● Listed entries
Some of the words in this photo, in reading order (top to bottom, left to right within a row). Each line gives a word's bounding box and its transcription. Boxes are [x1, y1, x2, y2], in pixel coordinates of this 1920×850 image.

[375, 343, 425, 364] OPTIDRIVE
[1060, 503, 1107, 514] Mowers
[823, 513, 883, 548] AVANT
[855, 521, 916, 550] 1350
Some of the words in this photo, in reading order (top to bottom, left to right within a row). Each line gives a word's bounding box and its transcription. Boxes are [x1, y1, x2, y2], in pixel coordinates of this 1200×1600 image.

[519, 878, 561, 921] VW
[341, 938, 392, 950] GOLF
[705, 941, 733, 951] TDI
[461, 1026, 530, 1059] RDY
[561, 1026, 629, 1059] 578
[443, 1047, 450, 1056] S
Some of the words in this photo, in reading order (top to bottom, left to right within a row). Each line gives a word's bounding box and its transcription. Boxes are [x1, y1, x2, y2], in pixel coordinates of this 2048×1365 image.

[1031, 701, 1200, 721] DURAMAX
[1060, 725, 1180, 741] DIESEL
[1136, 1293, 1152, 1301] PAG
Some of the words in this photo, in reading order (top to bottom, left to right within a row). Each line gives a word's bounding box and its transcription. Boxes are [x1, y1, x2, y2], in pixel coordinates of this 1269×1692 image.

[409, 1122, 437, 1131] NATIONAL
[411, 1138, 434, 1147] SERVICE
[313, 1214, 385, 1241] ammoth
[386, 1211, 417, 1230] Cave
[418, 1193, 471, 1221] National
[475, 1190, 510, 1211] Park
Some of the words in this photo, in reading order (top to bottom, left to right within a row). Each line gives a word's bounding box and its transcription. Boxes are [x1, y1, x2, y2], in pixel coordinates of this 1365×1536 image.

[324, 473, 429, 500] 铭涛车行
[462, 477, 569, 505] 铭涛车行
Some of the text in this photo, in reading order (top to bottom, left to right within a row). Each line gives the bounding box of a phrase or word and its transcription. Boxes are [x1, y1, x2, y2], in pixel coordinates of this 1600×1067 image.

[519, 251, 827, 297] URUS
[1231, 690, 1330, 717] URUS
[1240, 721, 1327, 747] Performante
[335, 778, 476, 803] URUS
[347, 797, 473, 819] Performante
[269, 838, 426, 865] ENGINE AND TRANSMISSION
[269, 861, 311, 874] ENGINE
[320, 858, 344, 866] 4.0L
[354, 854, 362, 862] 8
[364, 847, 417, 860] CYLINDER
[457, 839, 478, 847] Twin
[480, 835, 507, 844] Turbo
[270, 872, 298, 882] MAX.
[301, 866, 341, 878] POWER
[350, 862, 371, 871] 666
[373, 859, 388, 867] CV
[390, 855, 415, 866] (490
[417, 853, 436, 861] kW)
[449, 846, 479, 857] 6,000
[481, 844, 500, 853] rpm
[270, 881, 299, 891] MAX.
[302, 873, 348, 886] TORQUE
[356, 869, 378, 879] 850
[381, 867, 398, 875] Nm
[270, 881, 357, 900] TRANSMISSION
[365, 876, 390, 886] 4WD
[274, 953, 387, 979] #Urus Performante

● Your task
Output every entry shown above, exactly.

● Answer box
Some of the words in this photo, in reading order (top to bottom, left to right within a row). Each line gives a word's bounding box and its transcription. Boxes are [x1, y1, x2, y2], in pixel coordinates of this 1920×850 image.

[375, 343, 425, 364] OPTIDRIVE
[1060, 503, 1107, 514] Mowers
[823, 513, 883, 548] AVANT
[855, 521, 916, 550] 1350
Some of the words in this photo, in reading order (top to bottom, left to right within a row). Each line gives a word's bounding box and its transcription. Boxes are [x1, y1, x2, y2], in pixel coordinates of this 1200×1600 image.

[519, 878, 561, 921] VW
[341, 938, 392, 950] GOLF
[705, 941, 733, 951] TDI
[461, 1026, 530, 1059] RDY
[561, 1026, 629, 1059] 578
[443, 1047, 450, 1056] S
Some of the words in this photo, in reading order (top to bottom, left to right within a row). Each line gives a word's bounding box and its transcription. Boxes are [x1, y1, x2, y2], in pixel coordinates of this 2048×1365 image.

[1031, 701, 1200, 721] DURAMAX
[1060, 725, 1180, 741] DIESEL
[1136, 1293, 1152, 1301] PAG
Some of the words in this photo, in reading order (top to bottom, left to right within a row). Each line gives a word's bounding box and its transcription. Boxes are [x1, y1, x2, y2], in pixel coordinates of this 1269×1692 image.

[409, 1122, 437, 1131] NATIONAL
[411, 1138, 434, 1147] SERVICE
[313, 1214, 385, 1241] ammoth
[386, 1211, 417, 1230] Cave
[418, 1193, 471, 1221] National
[475, 1190, 510, 1211] Park
Some of the words in this photo, in reading order (top to bottom, left to right within a row). Each line gives a word's bounding box and its transcription. Boxes are [x1, y1, x2, y2], in pixel coordinates of this 1365×1536 image.

[324, 473, 429, 500] 铭涛车行
[462, 477, 569, 505] 铭涛车行
Some of the text in this photo, in reading order (top to bottom, left to right within a row). Each line gives the bounding box of a phrase or word and its transcription. Boxes are [x1, y1, x2, y2], in pixel coordinates of this 1600×1067 image.

[519, 251, 827, 297] URUS
[1231, 690, 1330, 717] URUS
[1240, 721, 1327, 747] Performante
[335, 778, 476, 803] URUS
[347, 797, 473, 819] Performante
[269, 838, 426, 865] ENGINE AND TRANSMISSION
[269, 861, 311, 874] ENGINE
[320, 858, 344, 866] 4.0L
[354, 854, 362, 862] 8
[364, 847, 417, 860] CYLINDER
[457, 839, 478, 847] Twin
[480, 835, 507, 844] Turbo
[270, 872, 298, 882] MAX.
[301, 866, 341, 878] POWER
[350, 862, 371, 871] 666
[373, 859, 388, 867] CV
[390, 855, 415, 866] (490
[417, 853, 436, 861] kW)
[449, 846, 479, 857] 6,000
[481, 844, 500, 853] rpm
[270, 881, 299, 891] MAX.
[302, 873, 348, 886] TORQUE
[356, 869, 378, 879] 850
[381, 867, 398, 875] Nm
[270, 881, 357, 900] TRANSMISSION
[365, 876, 390, 886] 4WD
[274, 953, 387, 979] #Urus Performante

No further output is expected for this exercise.